Upon further examination, he seems to spurn romantic attraction in general. A secondary character, Molly Hooper, has something of a schoolgirl crush on Holmes and thus lets him get away with murder at her workplace (St Bartholomew’s Hospital’s mortuary): flogging fresh cadavers with a riding crop, stealing body parts to help solve his cases or complete his experiments, as well as using technology he otherwise wouldn’t have access to. He, on the other hand, deliberately misunderstands when Molly asks him out for coffee (as asking for a coffee order) and puts her under his microscope, as it were, by pointing out her flaws and motivations in a dick-ish manner, often in front of other people for maximum effect.

However, in the second season episode “A Scandal in Belgravia,” it is proven that Sherlock is not completely immune to attraction, asexual or not. This is the episode where Irene Alder (in this version a wealthy dominatrix) is introduced, and it is quickly apparent that Sherlock is fascinated with The Woman (the title that he bestows on her – as in she’s the only woman that stands out, the one person he things of when the word “woman” comes up in conversation – as he did in Doyle’s work). But it is an intellectual attraction – she bests him, plays him like a violin, gets him to commit an act of treason, and he still rescues her from her own execution thousands of miles from London when it would have been safer and easier for her to die. The attraction, however, is never consummated, and it is said that Alder doesn’t flirt with Sherlock, so much as at him, as he never responds.

While relationships, sexual or otherwise, are not the focal point of Sherlock, they do feature in it. John dates Sarah in the first season, and one episode is centred on Sherlock crashing their date. John goes on to date three more women off-screen, with the last of which dumping him in the second season premier, affecting his behaviour for the rest of the episode. Molly, the woman who was interested in Sherlock, briefly dated Jim, a man from her work in an attempt to get over Sherlock. Jim turned out to be a violent psychopath named Moriarty, that is to say, Sherlock’s infamous nemesis, but the fact remains that the relationship happened. Greg Lestrade, Sherlock’s ally from the police department, has an ex-wife that he’s trying to get back on friendly terms with, and Lestrade’s minions are shown to be having a sexual relationship. Sherlock, on the other hand, has never hinted through action, word or subtext, to have been involved with anyone. He keeps himself separate from that aspect.

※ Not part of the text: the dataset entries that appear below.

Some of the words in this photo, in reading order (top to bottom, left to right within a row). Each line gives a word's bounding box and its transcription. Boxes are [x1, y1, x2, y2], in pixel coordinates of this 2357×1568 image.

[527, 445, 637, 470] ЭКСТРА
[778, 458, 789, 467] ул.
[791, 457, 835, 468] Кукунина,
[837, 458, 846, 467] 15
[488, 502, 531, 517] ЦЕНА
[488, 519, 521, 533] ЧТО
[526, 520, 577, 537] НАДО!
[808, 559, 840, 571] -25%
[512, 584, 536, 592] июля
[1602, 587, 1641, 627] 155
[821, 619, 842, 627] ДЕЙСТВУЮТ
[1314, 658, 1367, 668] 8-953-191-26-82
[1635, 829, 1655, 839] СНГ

Sherlock is not a show based around sexuality or finding yourself, coming out or making a statement, its two men being awesome and solving crimes, tearing round London and laughing like loons. It’s about the growing, platonic relationship between a modern-era Holmes and Watson. But it gets at an interesting, rarely-touched on aspect of the Queer community. And that’s worth a look, in my books.